Fake accounts, Instagram , machine learning, artificial neural network.

INTRODUCTION

In today's digital landscape, social networking sites have revolutionized how individuals interact, communicate, and forge connections with others.

Leveraging Web 2.0 technology, these platforms enable users to create profiles, connect with friends, share updates, and expand their networks. From Instagram to Facebook, Twitter to LinkedIn, these platforms have become ubiquitous, integral components of contemporary social life. However, alongside their widespread adoption comes the proliferation of fraudulent profiles, identity theft, and privacy breaches. . As the number of social network users grows, so does the prevalence of fake accounts, posing significant challenges for both users and platform providers. To address this issue, machine learning techniques offer promising solutions by analysing profile data and user behaviour to identify and mitigate the impact of fraudulent profiles across various online platforms.

The identification of fake profiles through machine learning entails constructing a model capable of distinguishing between genuine and fraudulent profiles. This model is typically trained using a dataset comprising known fake and authentic profiles, gathered through methods such as manual

identification by experts, social media platform crawling, or crowd-sourcing. Various profile features serve as classification criteria, including profile picture, name, location, age, gender, description, follower count, friend count, post frequency, engagement rate, activity time, and content. Machine learning algorithms like decision trees, random forests, support vector machines, and neural networks are employed to extract these features and classify profiles accordingly. Once trained, the model automates the classification process for new profiles. However, its effectiveness relies on factors such as dataset quality, feature selection, and algorithm choice, necessitating periodic updates to remain adept at identifying evolving techniques employed by fake profile creators.

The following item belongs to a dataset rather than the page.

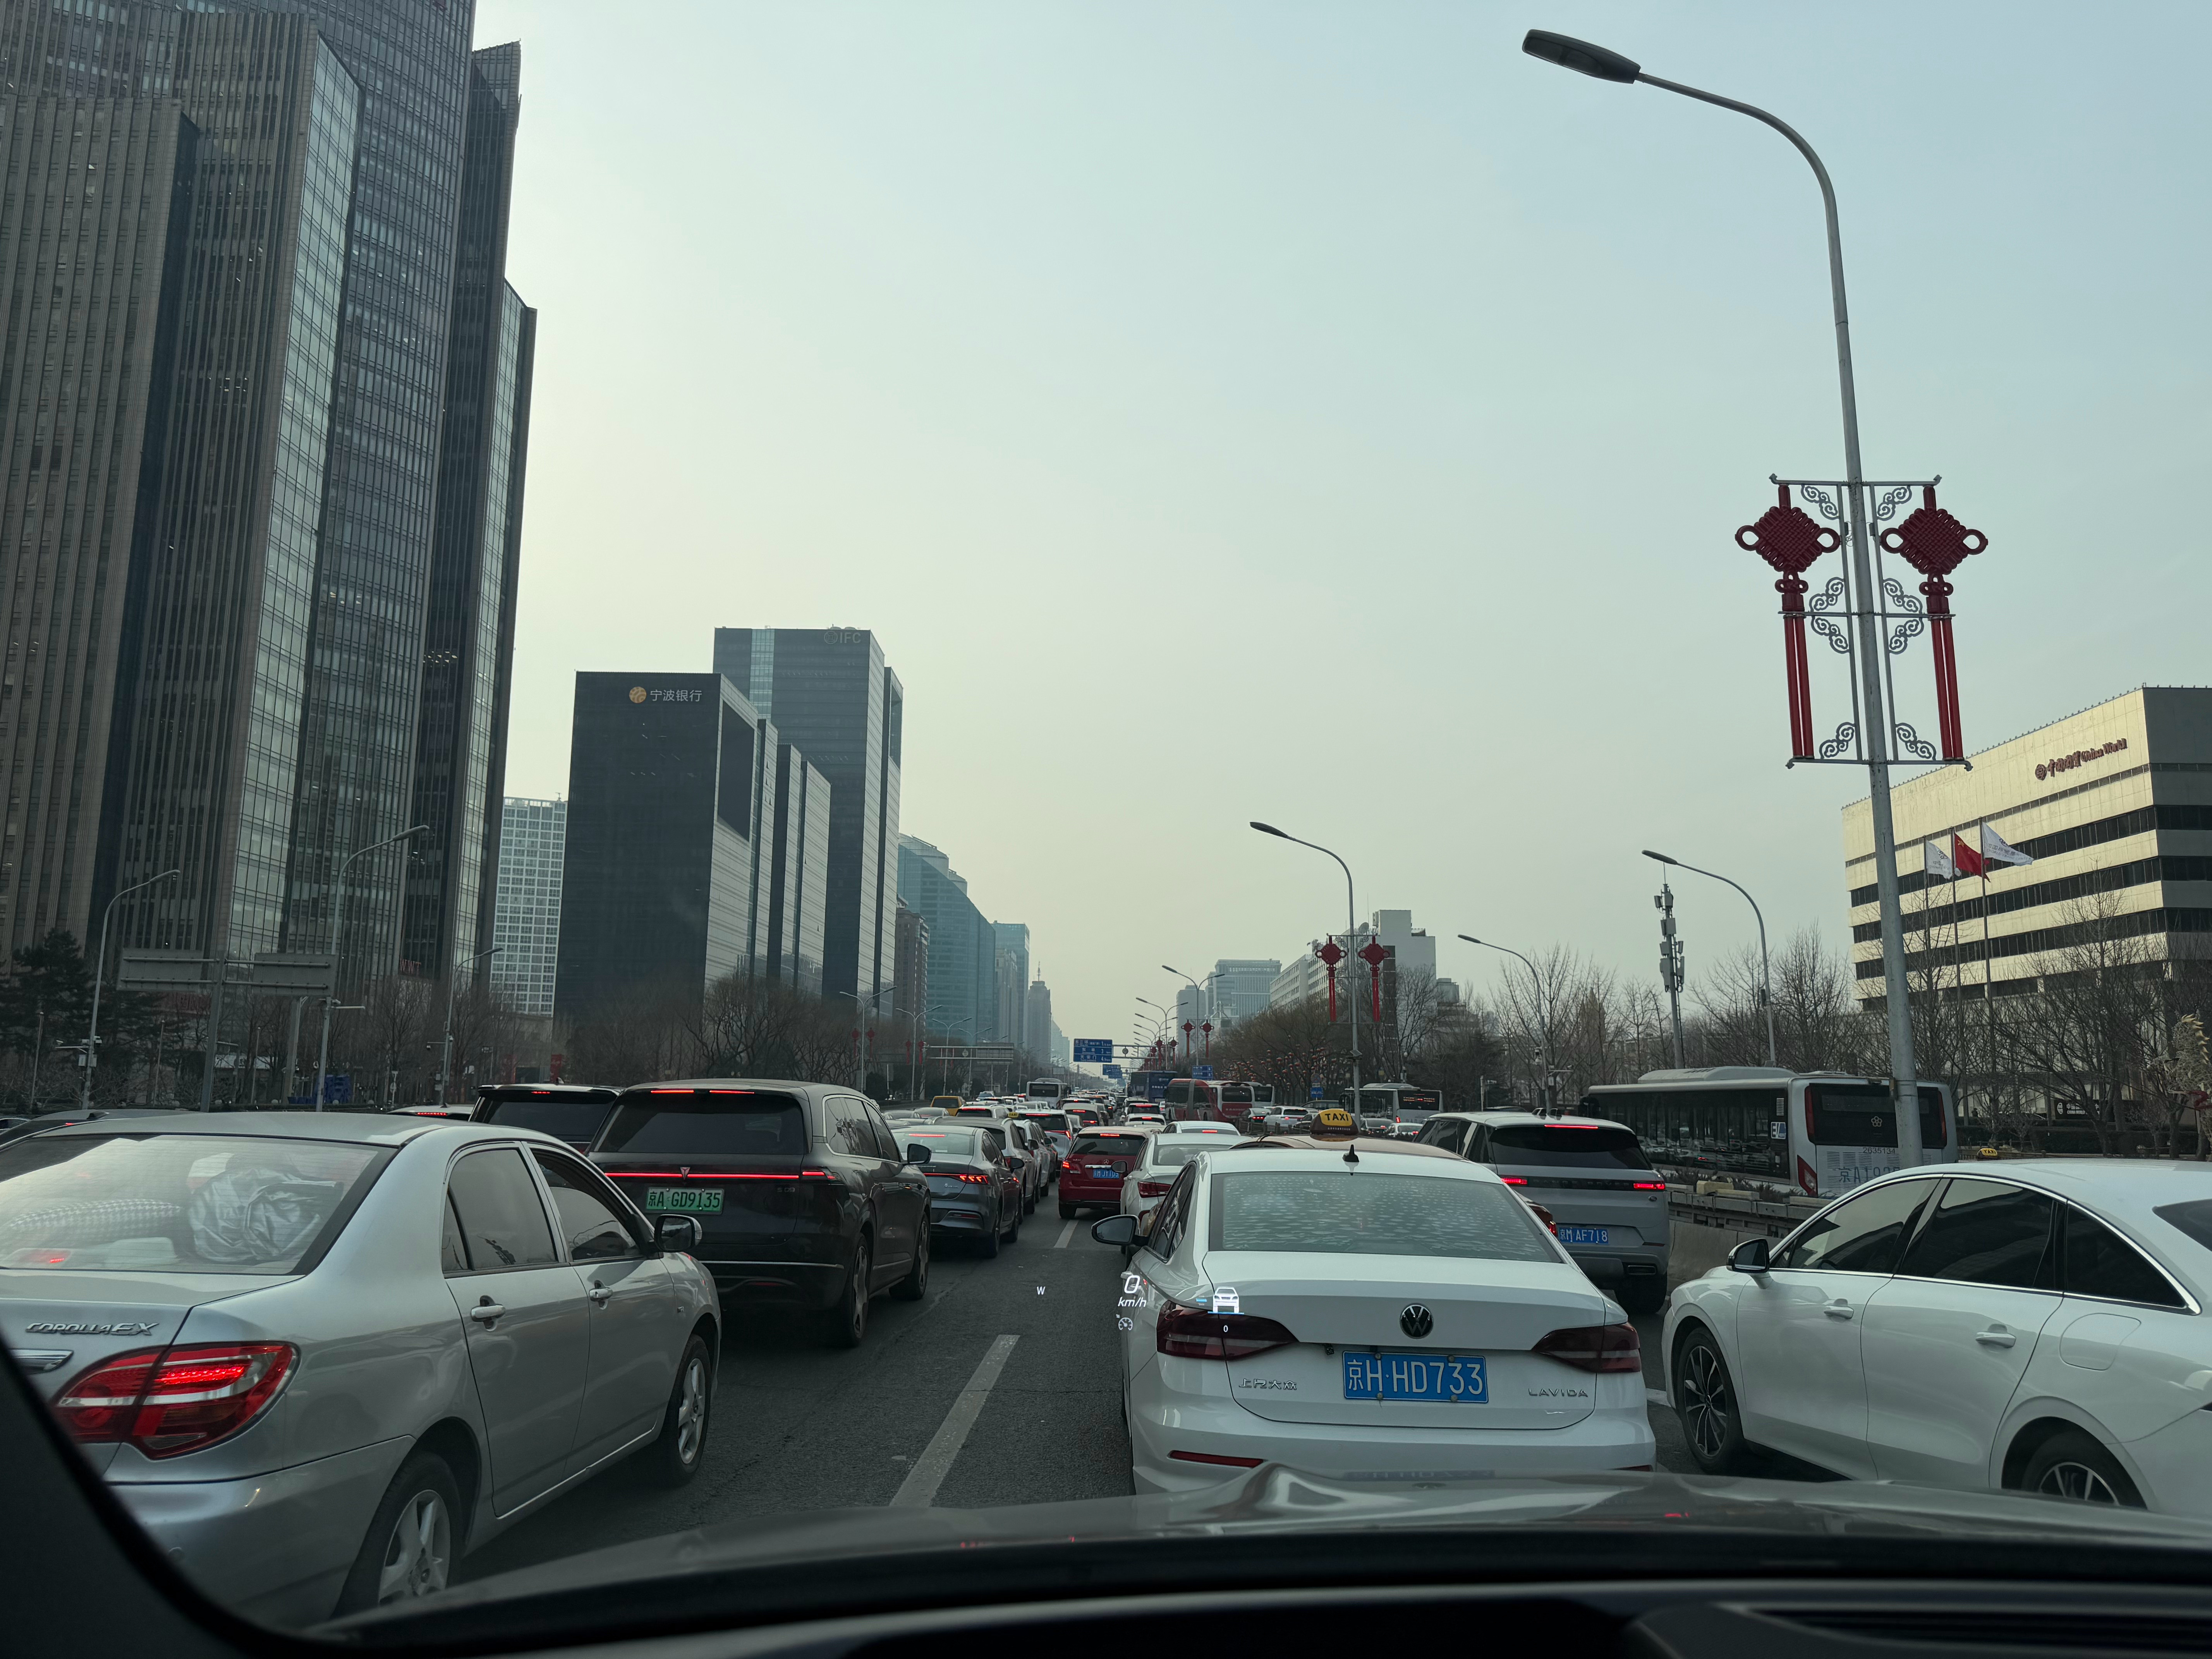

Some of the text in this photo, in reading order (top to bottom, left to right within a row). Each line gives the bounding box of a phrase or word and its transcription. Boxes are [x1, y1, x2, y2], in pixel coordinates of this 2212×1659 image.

I. METHODOLOGY TO IDENTIFY THE FAKE

ACCOUNTS:

  • Identifying fake accounts on social media has become a tedious issue for various sites such as Instagram, Facebook, Twitter, etc. It is generally done using several machine learning algorithms. Few methods which were previously used are not giving results up to the mark.

  • Neural Network : The most common way a computer works is to assign commands or algorithms to a computer and create an output based result. But what if you do not know the problem-solving algorithm? Will your computer still be able to provide solutions? If we use standard techniques, then the computer will not be able to solve the problem unless you give specific instructions. Here comes the concept of Neural Networks. We can still solve such a problem by training the network as our system will learn by itself and will provide a solution that is close to some accuracy. The name Neural Networks was coined in 1943 but was not used at that time due to a lack of technology. Neural Networks learn by example. Neural Networks are based on organic matter i.e. brain cells and the way information is processed within the brain.

    • ANN :

  • ANN is found in a group of connected units or nodes called artificial neurons, which form a model of neurons in the bloodstream freely. Each connection, such as synapses in the blood, can transmit signal to other neurons. The artificial neuron receives signal and processes it and can display neurons connected to it. The "signal" on the connection is a real number, and the output of each neuron is calculated by another function that does not match the input line. Connections are called genes. Neurons and edges usually have a corrective weight as the study progresses. Neurons can reduce the signal sent only if the combined signal exceeds that limit. Typically, neurons are divided into layers. Different layers can make different modifications to inputs. Symbols range from the first layer (input layer), to the last layer (output layer), probably after multiple layers.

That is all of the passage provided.